Apasampradāyas Deviations from Discipular Succesion
<< 10. Neda-nedi: Vaiṣṇava-Buddhist Syncretists >>

The word neda indicates a man with a shaven head. Nedi means a shaven-head woman. The neda-nedi cult is said to be still visible around the Navadvipa area, where they are indistinguishable from other shaven vaishnavas wearing tilak and white cloth. The neda-nedi apasampradaya began at the time of Sri Virabhadra Gosvami, the son of Lord Nityananda and Jahnava Mata. It is said that Sri Viracandra converted over a thousand nedas and an equal number of nedis to vaishnavism from tantric Buddhism. Under his direction, these neda-nedis took to the chanting of the Hare Krishna maha-mantra. Most of them got properly married, thus ending the illicit connections that had been going on between them in the name of tantric meditation. But after some time, a number of them again revived their old practices while passing themselves off as vaishnavas. Nowadays, the neda-nedi is taken to be a type of baul.

From Dr. Ramkantha Cakravarti, we get a historical account of a Buddhist monk of Orissa who became a vaishnava in Puri during the time of Srila Sanatana Gosvami's stay there. He was initiated and received the name Acutyananda das. But after mixing with the vaishnavas for some time, he became dissatisfied by their adherence to varnashrama-dharma. Buddhists are naturally antagonistic to varnashrama, so when Acutyananda consulted a Buddhist guru named Mahananda, he was advised to leave the company of the devotees. Acutyananda established his own group, preaching, bolanti prabhu bhagavan buddharupa mo sri caitanya tanka carana seva kara: "I serve the lotus feet of Lord Buddha in the form of Sri Caitanya."

Though Acyutananda's cult has long faded into irrelavence, this vignette shows the type of sycretism that, on the fringe of Lord Caitanya's sankirtan movement, produced new, unauthorized movements like the neda-nedi.
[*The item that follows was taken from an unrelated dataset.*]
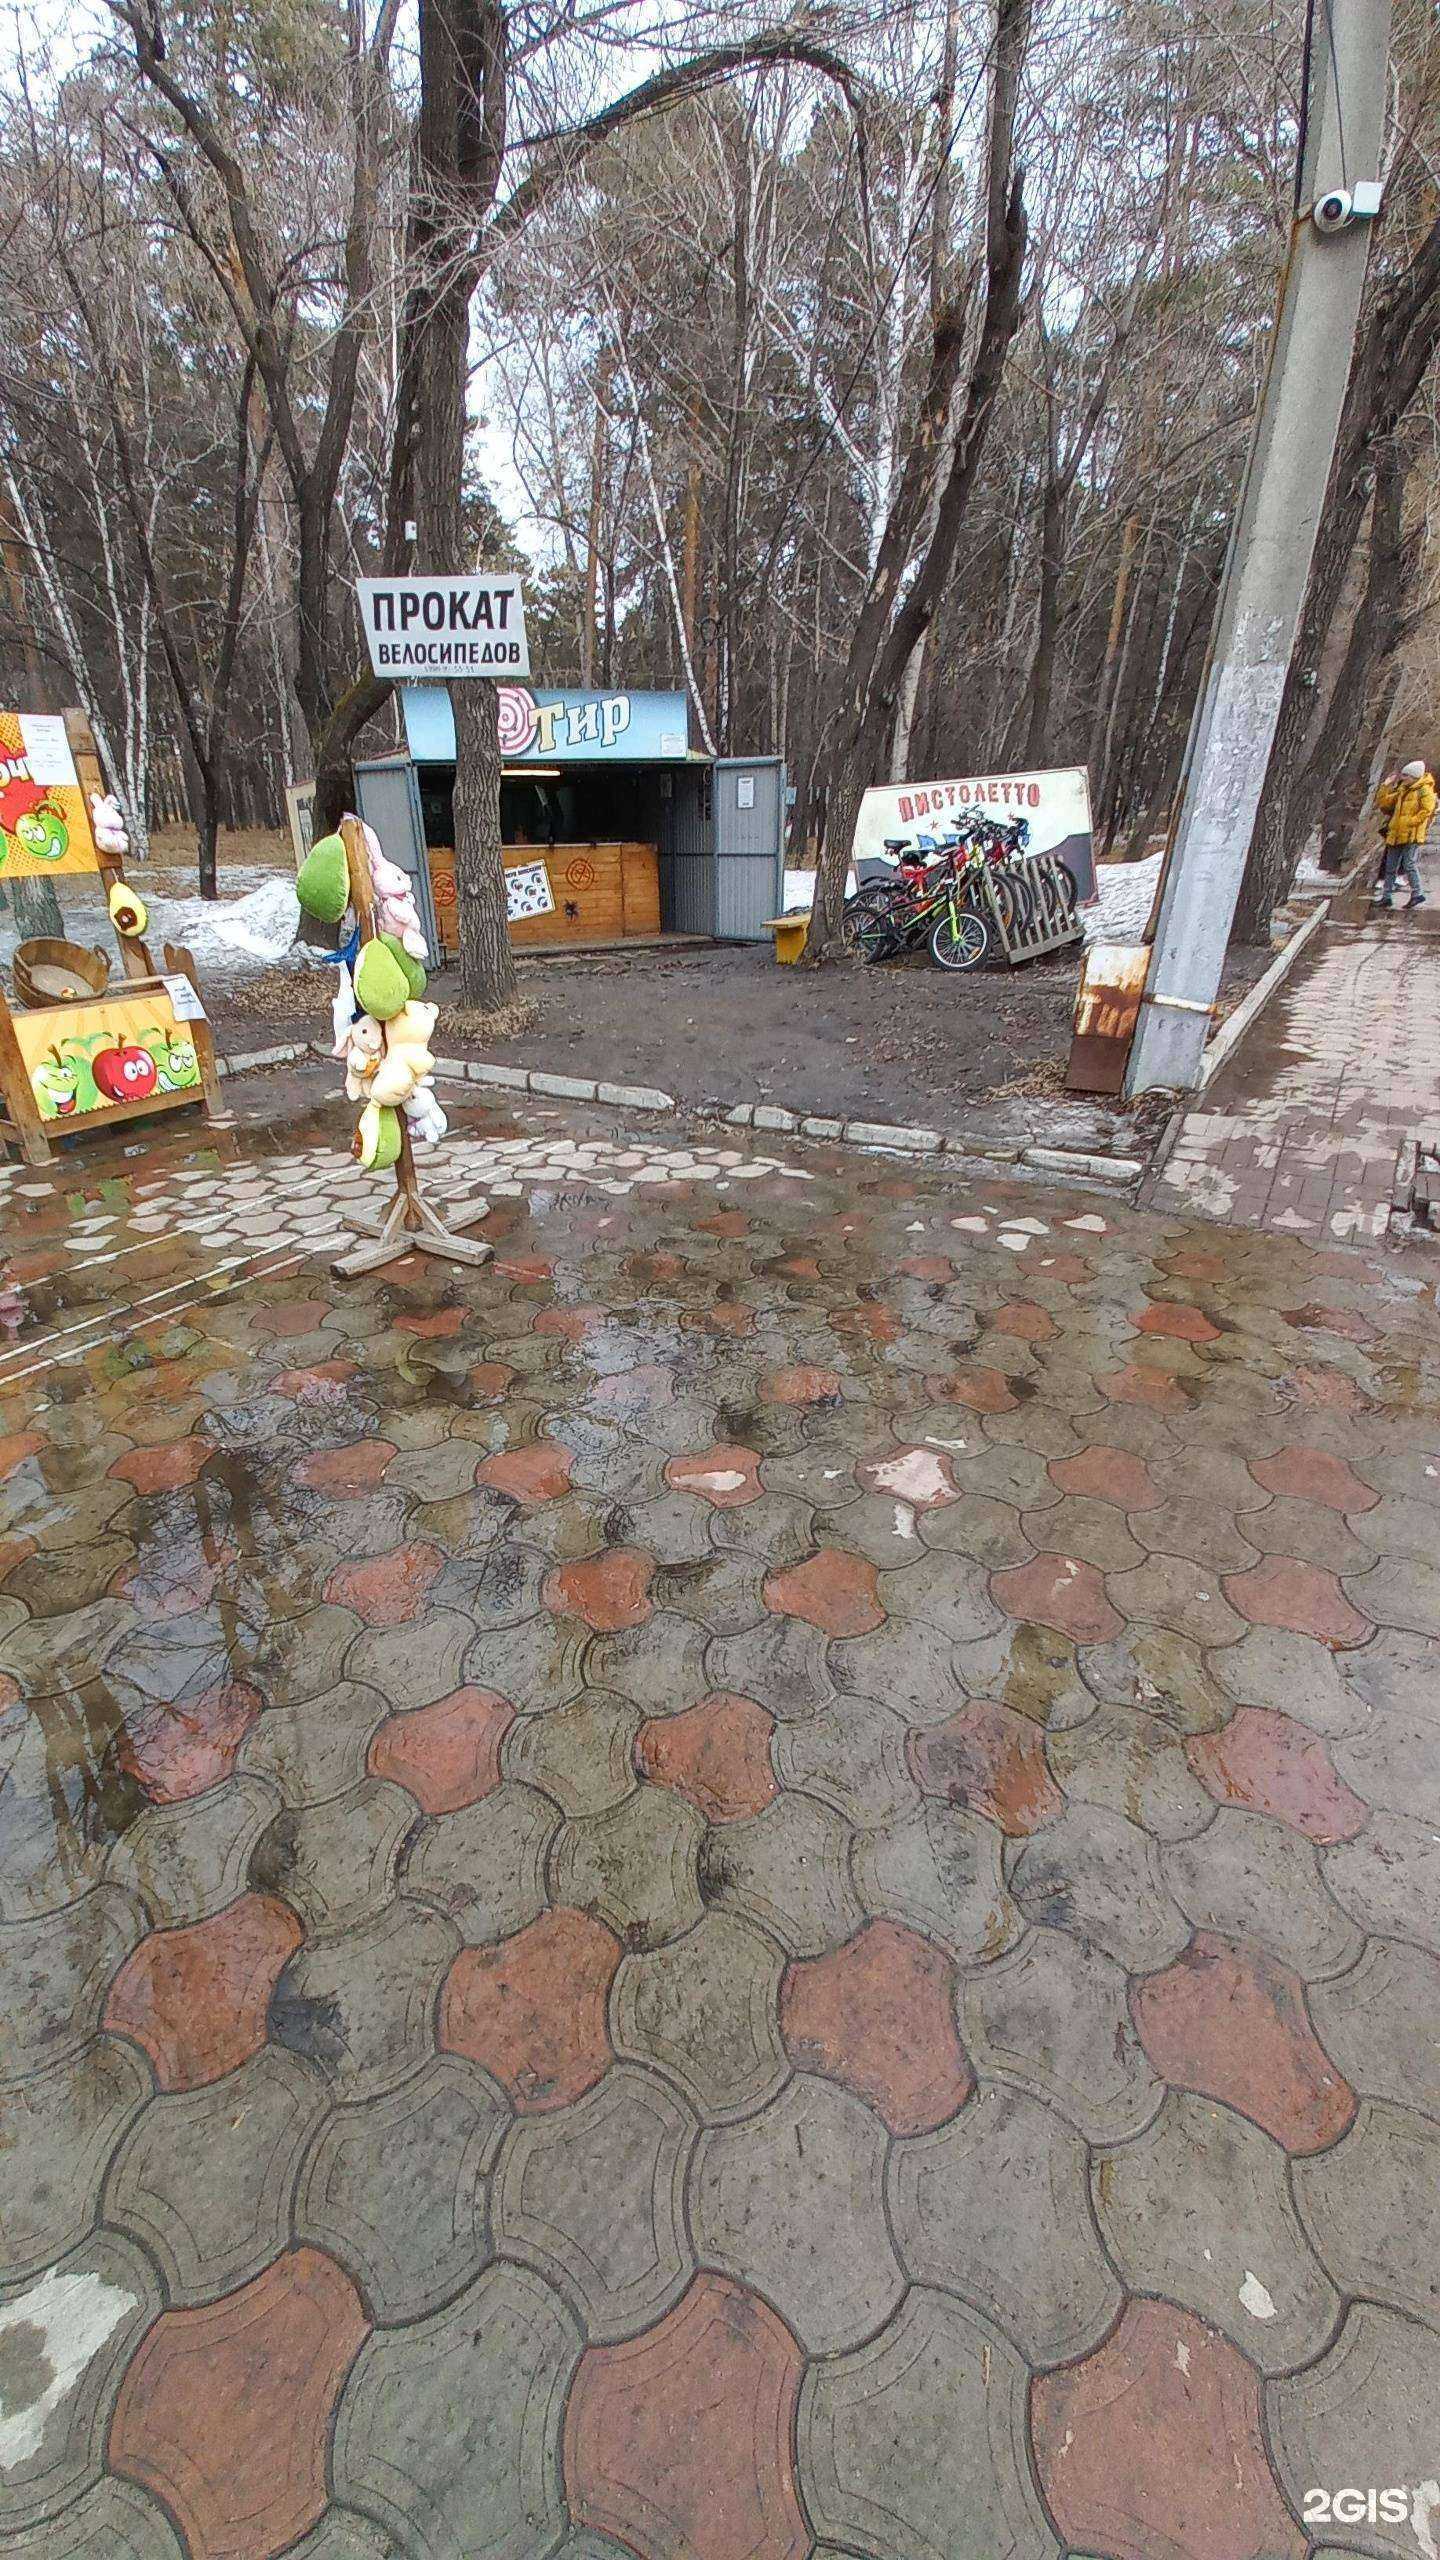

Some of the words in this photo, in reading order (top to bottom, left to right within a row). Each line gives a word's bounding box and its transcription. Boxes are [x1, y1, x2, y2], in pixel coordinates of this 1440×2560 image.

[372, 589, 515, 632] ПРОКАТ
[379, 642, 521, 664] ВЕЛОСИПЕДОВ
[898, 783, 1041, 823] ПИСТОЛЕТТО
The same tendency was noted by Srila Prabhupada in a 1968 letter to a disciple who had chosen to follow a wayward ISKCON sannyasi:

"Now it is understood [that he] does not believe in parampara or in the necessity of scriptural authority. He seems to feel that this is a sort of tyranny. That means, after taking sannyasa and understanding the philosophy for more than a year, he has changed the whole view, and I do not understand how you would like this recent doctrine."
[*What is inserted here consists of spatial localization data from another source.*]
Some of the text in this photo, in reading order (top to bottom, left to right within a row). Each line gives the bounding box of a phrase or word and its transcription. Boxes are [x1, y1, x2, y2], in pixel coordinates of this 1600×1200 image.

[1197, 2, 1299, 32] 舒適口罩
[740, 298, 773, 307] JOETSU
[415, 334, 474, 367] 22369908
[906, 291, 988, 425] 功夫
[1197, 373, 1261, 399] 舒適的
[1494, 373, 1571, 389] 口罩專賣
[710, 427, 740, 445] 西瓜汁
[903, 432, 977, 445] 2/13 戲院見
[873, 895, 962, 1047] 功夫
On syncretism as a tactic for preaching to different religious communities, Srila Prabhupada wrote in 1969:

"Actually we have nothing to do with compromising with Christians or Buddhists. Our principles should be to preach Krishna Consciousness as it is spoken in the Bhagavad-gita and Srimad-Bhagavatam. As we are now collecting some fortunate students in our movement, it will be possible to collect more students in the future. But it is a fact that the unfortunate persons who stick to the four material misbehaviors, just like illicit sex life, etc. cannot accept these principles of Krishna Consciousness. But still there is chance for them simply by giving aural reception to this transcendental sound of Hare Krishna mantra. If we turn our attention to fit with the Christian people, or any other religious sect, I think it will not be very much fruitful because nobody will change his faith even though he is given scientific or archeological evidences. And that will not help anybody. We have already discussed this point in many articles and change in religious faith does not make one advanced in spiritual understanding. The spiritual understanding as taught by Lord Caitanya is that all living entities are eternally servants of God. We have to propagate this philosophy, and for this we have to make propaganda. Every religion believes in God, and we want that everyone should actively come to this understanding of accepting one's eternal servitorship to God."